Microcefalia: Especialistas concordam que nordestinas devem adiar gravidez
Foto:Tânia Rêgo/Agência Brasil
O diretor do Departamento de Vigilância de Doenças Transmissíveis do Ministério da Saúde, Cláudio Maierovitch, recomendou
na última sexta-feira (13) que as mulheres de Pernambuco não engravidem no momento devido ao estado declarado de emergência sanitária nacional. Para alguns especialistas, o conselho é prudente devido ao alto índice de crianças com microcefalia no estado. "Quem estiver planejando uma gravidez e puder esperar um ou dois meses até que descubramos a causa desse surto estaria agindo de forma prudente", afirmou a neuropediatra Vanessa Van der Linden ao jornal O Globo. "Mas é claro que é uma decisão pessoal.
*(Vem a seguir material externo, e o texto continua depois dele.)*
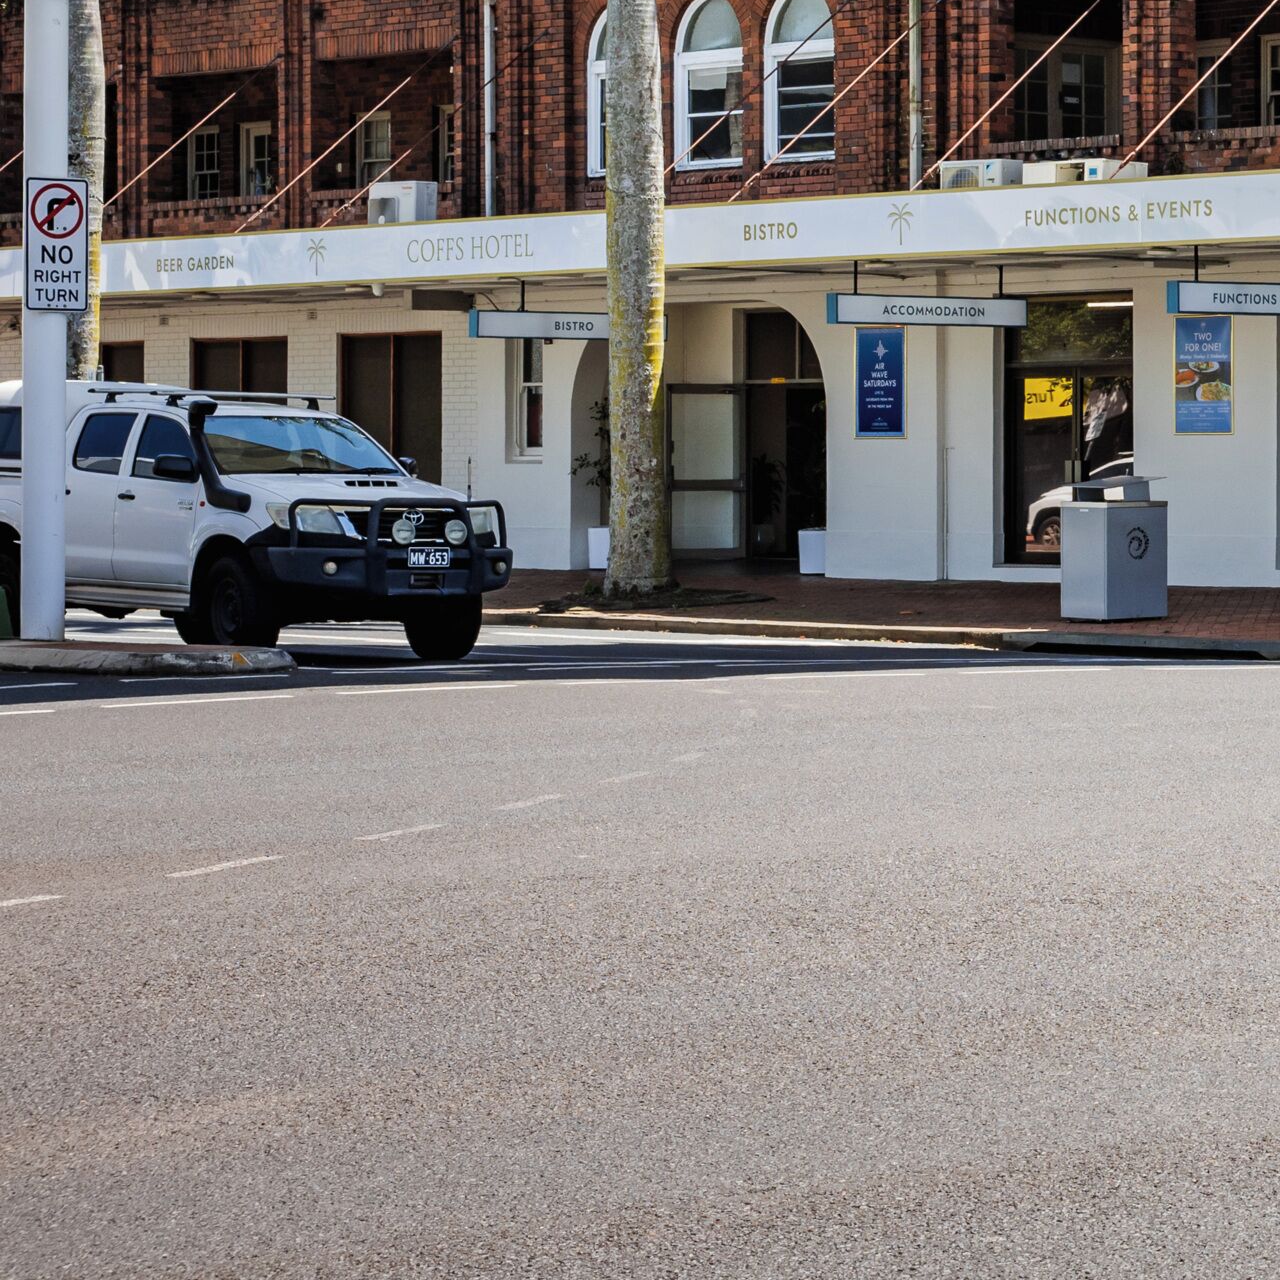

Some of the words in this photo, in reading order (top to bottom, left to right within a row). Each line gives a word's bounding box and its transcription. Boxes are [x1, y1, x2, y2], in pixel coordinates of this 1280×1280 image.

[1025, 205, 1121, 227] FUNCTIONS
[1127, 204, 1139, 221] &
[1146, 199, 1213, 220] EVENTS
[743, 221, 798, 241] BISTRO
[41, 244, 74, 265] NO
[406, 236, 464, 263] COFFS
[471, 233, 534, 260] HOTEL
[156, 257, 183, 272] BEER
[187, 255, 234, 271] GARDEN
[34, 269, 81, 283] RIGHT
[35, 288, 79, 302] TURN
[1213, 292, 1277, 305] FUNCTIONS
[882, 305, 985, 317] ACCOMMODATION
[554, 321, 594, 331] BISTRO
[1193, 332, 1212, 341] TWO
[1184, 343, 1200, 352] FOR
[1201, 342, 1222, 352] ONE!
[874, 362, 885, 370] AIR
[871, 371, 888, 379] WAVE
[863, 379, 897, 388] SATURDAYS
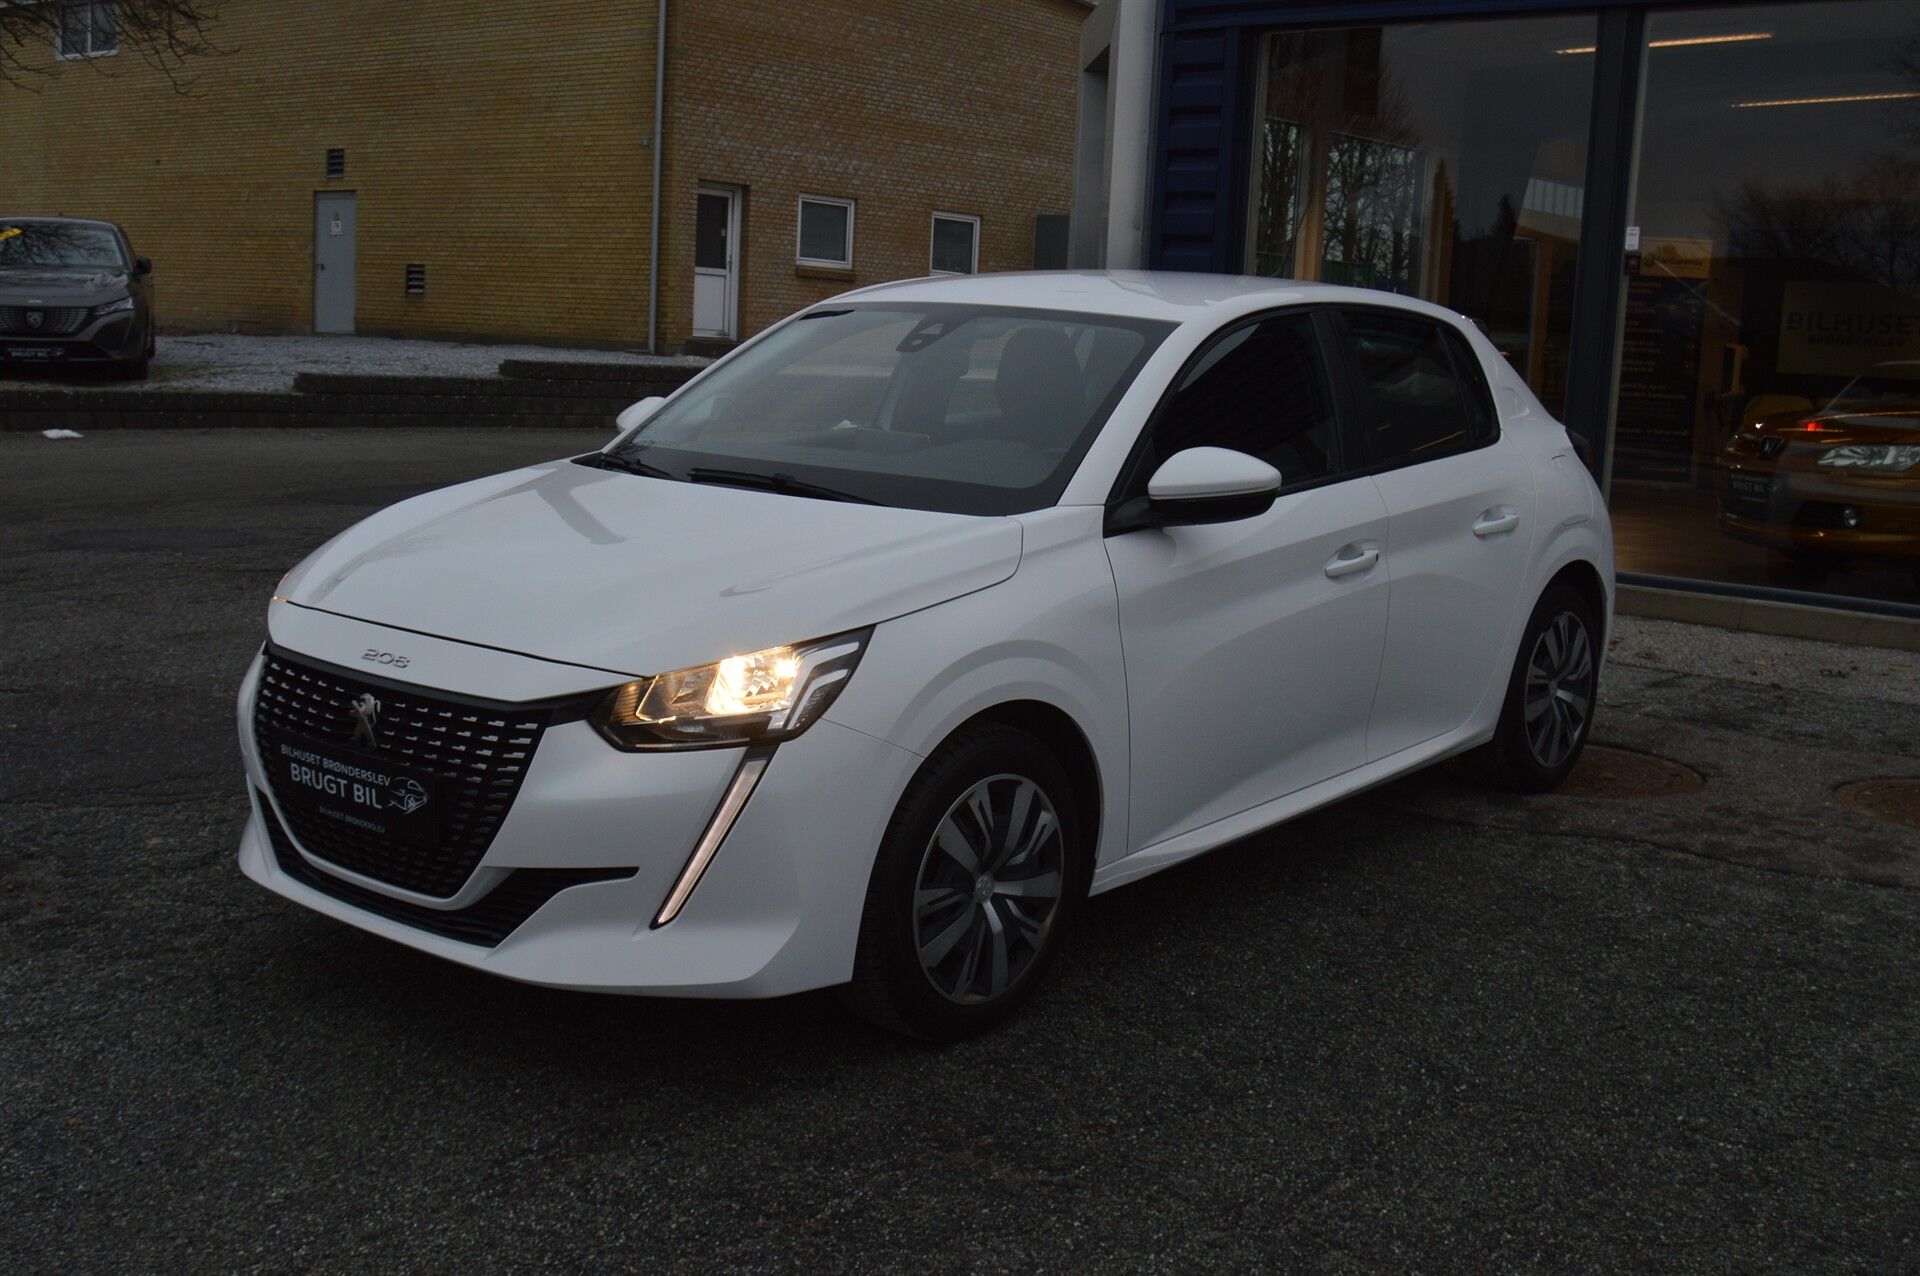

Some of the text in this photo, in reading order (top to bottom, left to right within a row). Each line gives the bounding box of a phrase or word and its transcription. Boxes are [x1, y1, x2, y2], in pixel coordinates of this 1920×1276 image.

[361, 649, 410, 668] 208
[280, 744, 391, 787] BILHUSET BRØNDERSLEV
[290, 762, 383, 809] BRUGT BIL
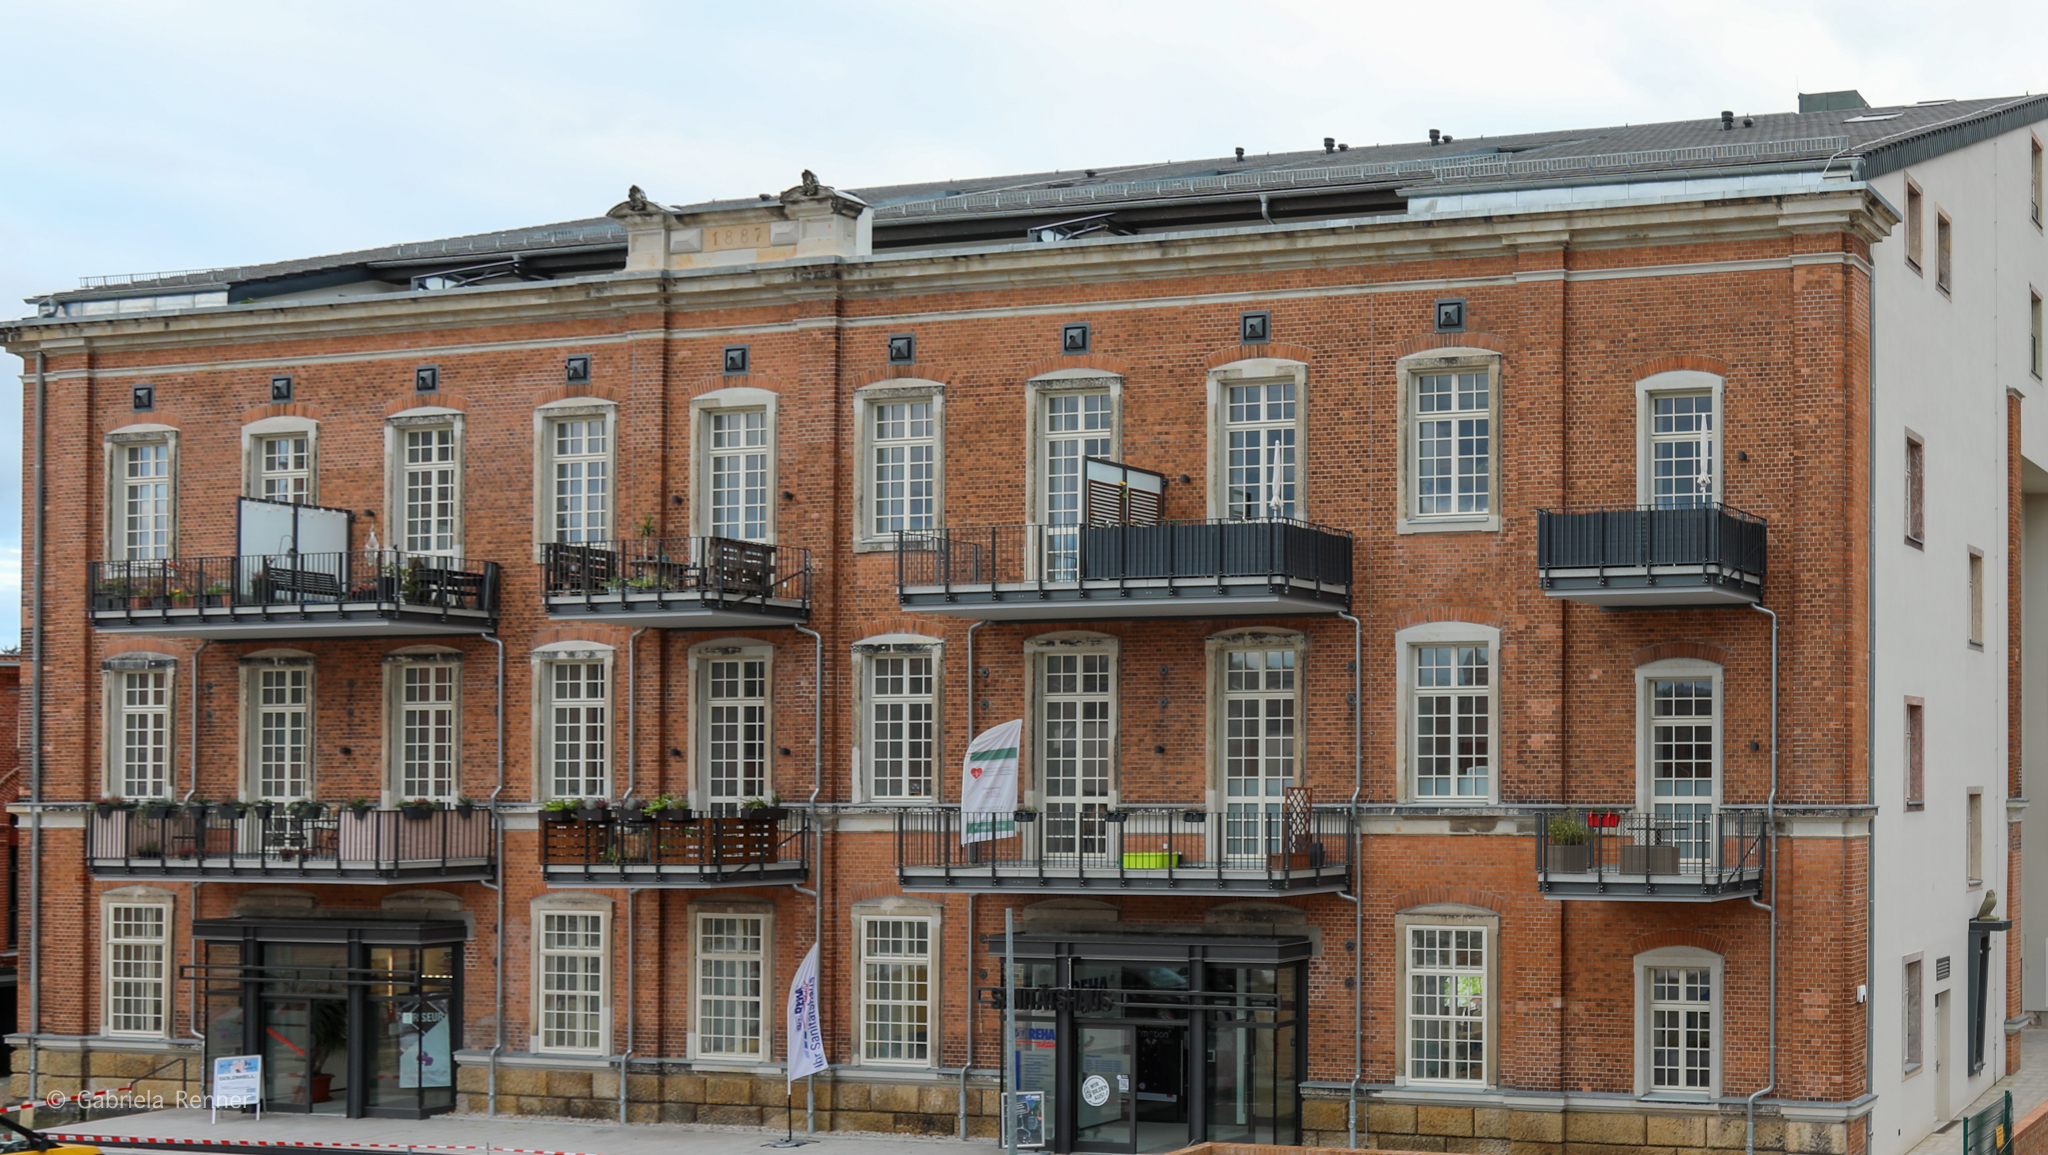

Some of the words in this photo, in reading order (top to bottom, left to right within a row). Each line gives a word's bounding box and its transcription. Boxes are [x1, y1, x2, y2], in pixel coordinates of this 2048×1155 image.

Não tem como a gente dizer 'engravide' ou 'não engravide'. Para fazerem a sua escolha, o importante é que essas mulheres tenham dados à mão, saibam onde a doença está se manifestando com maior frequência, quais são as possíveis causas, como as investigações estão avançando. Só assim poderão avaliar os riscos e decidir". Vanessa e sua mãe, a também médica Ana Van der Liden, estiveram diretamente envolvidas na investigação sobre o atual problema. "Ainda no início de outubro, entramos em contato com outros médicos, de diferentes hospitais, e observamos que o aumento extraordinário dos casos era, e é, um problema generalizado. Então acionamos a Secretaria estadual de Saúde e o ministério", contou. O infectologista Kleber Luz, da Universidade Federal do Rio Grande do Norte (UFRN), segundo estado mais afetado pelo surto, também concorda com a recomendação. "Não tem nada que nos faça acreditar que esse fenômeno vai parar de uma hora para outra. Para quem puder esperar para engravidar, essa seria uma medida salutar", disse. "Os médicos, em geral, não têm experiência para lidar com isso, justamente porque se trata de uma doença que raramente encontramos. A hidrocefalia é comum para nós, mas a microcefalia, não".